Enfaticemos, algo que nos parece obligatorio reiterar, aun cuando llovamos
sobre mojado: Ἀποκάλυψις Apocalipsis es un vocablo griego que traducido al español,
significa “revelación”, “destapar algo”, “descubrirlo”, “ponerlo o sacarlo a la
luz”. ¿Qué es lo que hace Dios con los apocalipsis? “Revelarle a su pueblo,
algo que sus ovejitas ignoraban, o que no se ocupaban de caer en la cuenta.
¿Cómo así que no nos dábamos cuenta? ¡Claro!

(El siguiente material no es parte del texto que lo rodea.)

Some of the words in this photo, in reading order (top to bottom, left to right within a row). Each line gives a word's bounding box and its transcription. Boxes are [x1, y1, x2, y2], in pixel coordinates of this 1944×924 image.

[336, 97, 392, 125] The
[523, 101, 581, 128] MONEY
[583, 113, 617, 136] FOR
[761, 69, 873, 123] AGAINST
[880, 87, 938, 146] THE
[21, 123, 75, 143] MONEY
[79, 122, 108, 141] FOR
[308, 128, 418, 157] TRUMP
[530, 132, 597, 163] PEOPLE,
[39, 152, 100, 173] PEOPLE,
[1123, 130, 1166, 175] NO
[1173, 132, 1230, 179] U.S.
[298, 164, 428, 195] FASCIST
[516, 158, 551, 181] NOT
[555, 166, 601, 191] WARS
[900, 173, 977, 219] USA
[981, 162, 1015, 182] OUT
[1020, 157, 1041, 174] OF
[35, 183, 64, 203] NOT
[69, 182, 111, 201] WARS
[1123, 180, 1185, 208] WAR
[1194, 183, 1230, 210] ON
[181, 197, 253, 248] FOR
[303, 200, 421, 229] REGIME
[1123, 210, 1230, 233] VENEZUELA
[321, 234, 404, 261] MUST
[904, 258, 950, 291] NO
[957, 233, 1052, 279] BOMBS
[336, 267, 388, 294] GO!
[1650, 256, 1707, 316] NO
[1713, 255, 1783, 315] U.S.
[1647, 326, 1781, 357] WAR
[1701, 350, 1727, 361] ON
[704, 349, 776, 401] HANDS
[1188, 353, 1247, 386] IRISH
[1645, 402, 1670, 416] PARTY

Cuando algo está oculto por un “velo”,
está “velado” a nuestra vista, no sabemos que hay detrás de ese velo, es
necesario que Alguien venga y levante el “velo”, eso es lo que hace la “Revelación”,
descorrer el velo y dejar a la vista. Muchas veces decimos que es una “denuncia”,
pero la denuncia oculta el hecho de que existía un velo y era necesario que
Alguien lo retirara, lo descorriera. Estamos trabajando el Saludo y prólogo del
Apocalipsis que abarca los versos 1-8 del primer capítulo, (en la liturgia,
sólo vamos ver la mitad del saludo e introducción (vv. 1-4).
Habrán
notado que en ambos casos ese Alguien, lo hemos escrito con mayúscula, y eso se
debe a que para aclarar la vista y darse cuenta, se requiere una especie de “colirio”

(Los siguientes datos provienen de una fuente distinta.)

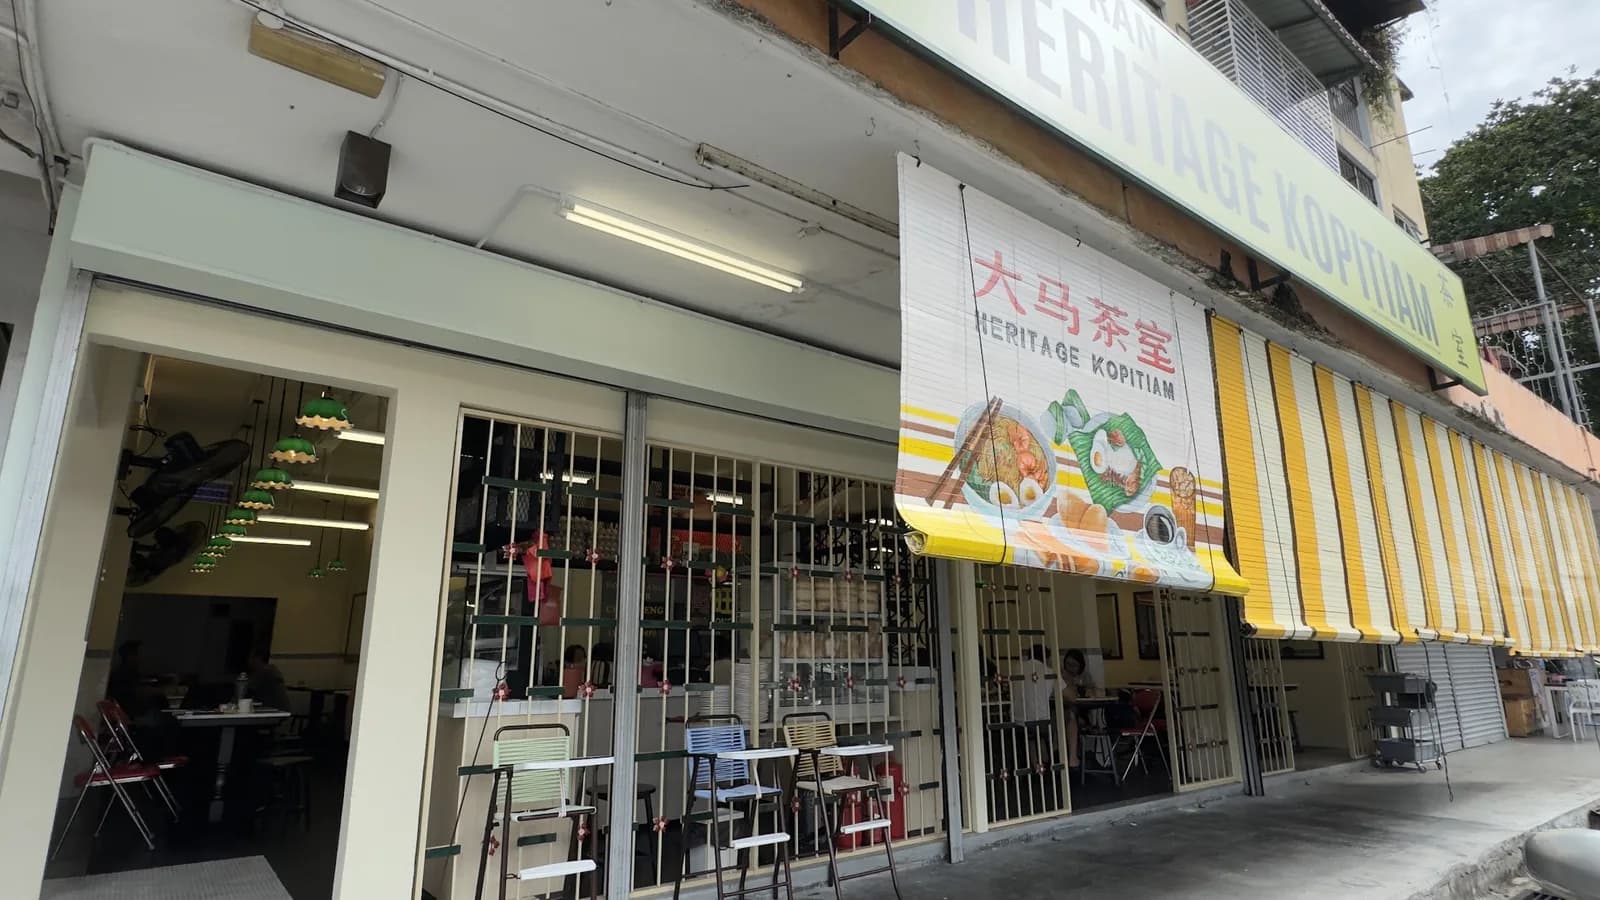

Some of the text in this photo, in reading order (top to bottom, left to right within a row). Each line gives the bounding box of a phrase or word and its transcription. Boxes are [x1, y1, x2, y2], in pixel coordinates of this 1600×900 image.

[973, 249, 1176, 374] 大马茶室
[1273, 168, 1440, 347] KOPITIAM
[976, 310, 1176, 401] HERITAGE KOPITIAM
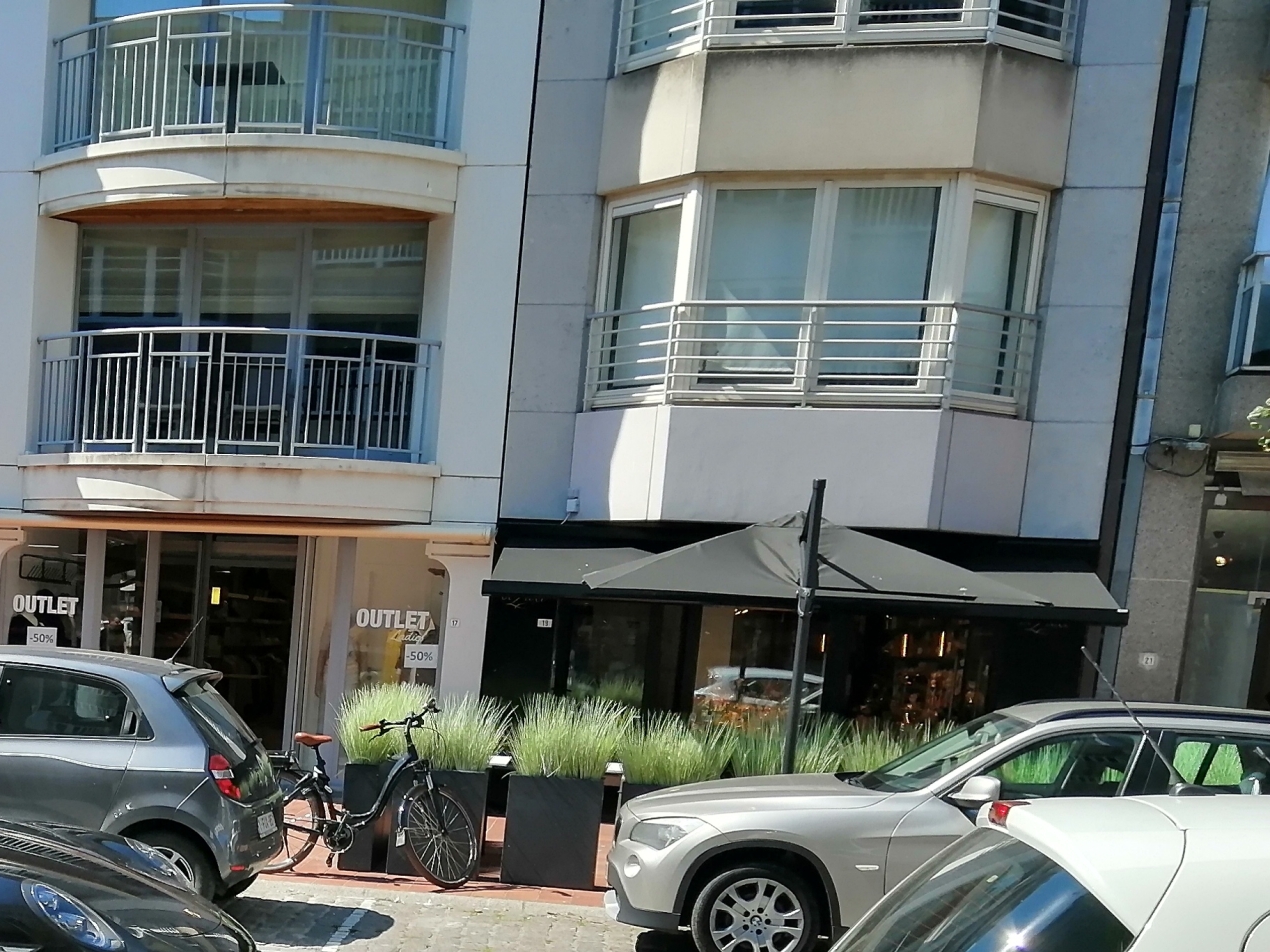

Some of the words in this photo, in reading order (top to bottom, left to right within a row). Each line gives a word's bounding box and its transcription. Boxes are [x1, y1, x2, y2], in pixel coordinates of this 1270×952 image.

[12, 594, 79, 615] OUTLET
[356, 608, 430, 630] OUTLET
[451, 619, 459, 627] 17
[29, 633, 54, 644] -50%
[406, 651, 433, 661] -50%

que nos limpie los ojos, porque el velo no se lo han puesto a “la realidad”,
sino que son como lagañas que se nos han aplicado directo en nuestros ojos. Por
eso es tan importante este nombre que aparece en el primer versículo del primer
capítulo. Si vamos a este verso nos encontramos que Dios le reveló esto
a Jesús, el Cristo, para que Él, Dios-humanado, se encargara de dárnoslo a
conocer.
Esta
mediación, encomendada a Jesucristo, ha empleado los servicios de mensajería de
un ἀγγέλου [angelou] “Ángel”. Ahí también es importante resaltar que
el Cielo tiene su servicio de Mensajería confiable, y son los Ángeles, que por
eso se llaman así, en español “mensajero”. Este “mensajero”, no sólo hace
entrega del mensaje, sino que lo μαρτυρίαν [martirian]
“testimonia”.
Inmediatamente
viene la consecuencia, esto se nos entrega no simplemente para que lo pongamos
en el cuarto de San Alejo, como solemos hacer con los regalos innecesarios.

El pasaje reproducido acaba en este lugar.